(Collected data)
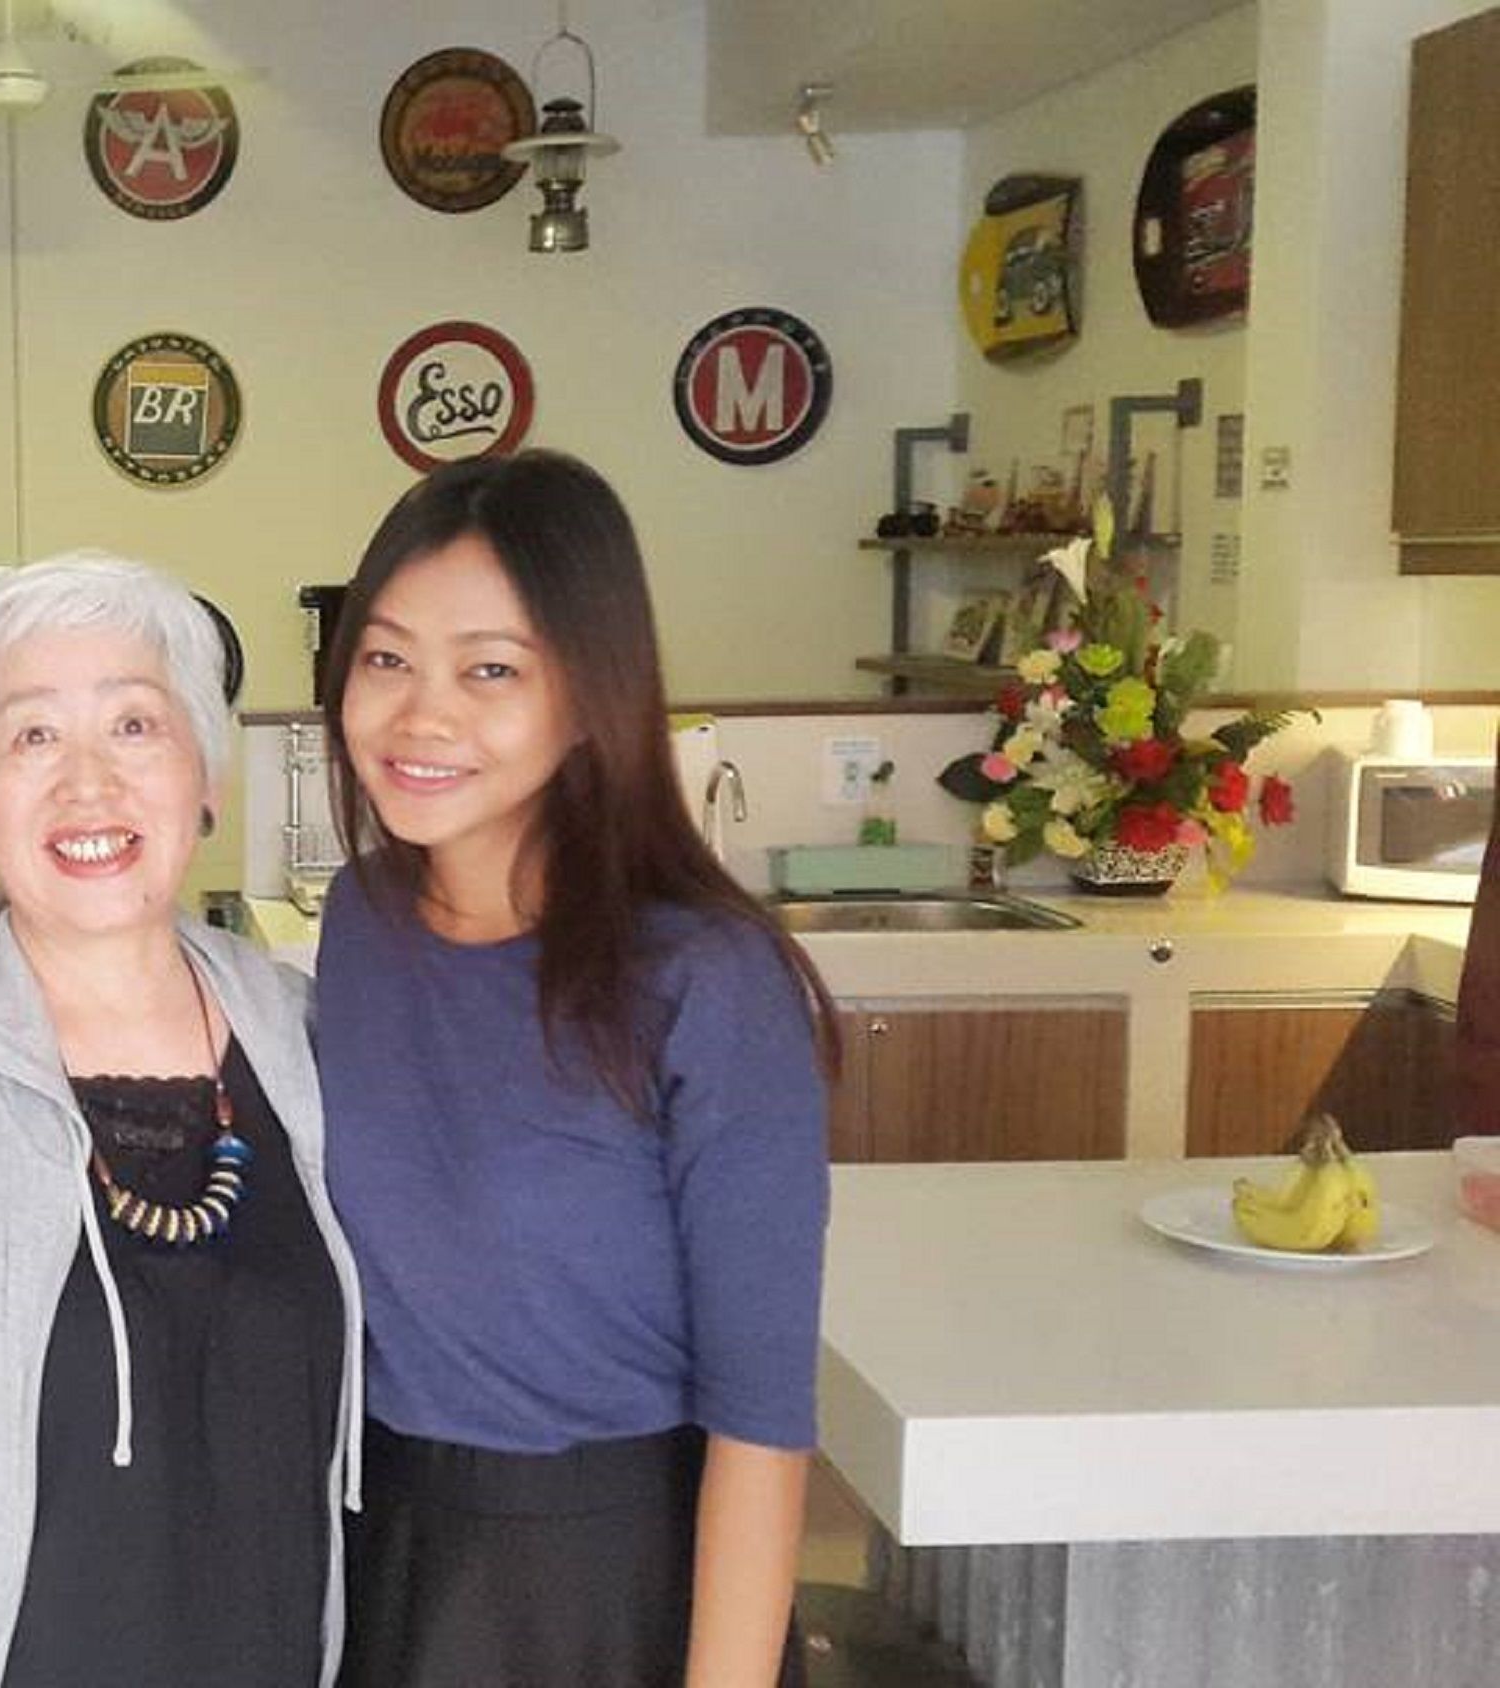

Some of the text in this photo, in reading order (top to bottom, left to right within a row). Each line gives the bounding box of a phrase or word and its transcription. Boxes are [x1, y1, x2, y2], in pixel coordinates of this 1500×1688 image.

[124, 101, 189, 181] A
[133, 386, 198, 424] BR
[406, 362, 503, 442] Esso
[715, 343, 784, 432] M

Problem requirements:
In the copy, leave out the pictures and restate the records exactly.

Response:
Some of the text in this photo, in reading order (top to bottom, left to right within a row). Each line gives the bounding box of a phrase or word and its transcription. Boxes are [x1, y1, x2, y2], in pixel coordinates of this 1500×1688 image.

[124, 101, 189, 181] A
[133, 386, 198, 424] BR
[406, 362, 503, 442] Esso
[715, 343, 784, 432] M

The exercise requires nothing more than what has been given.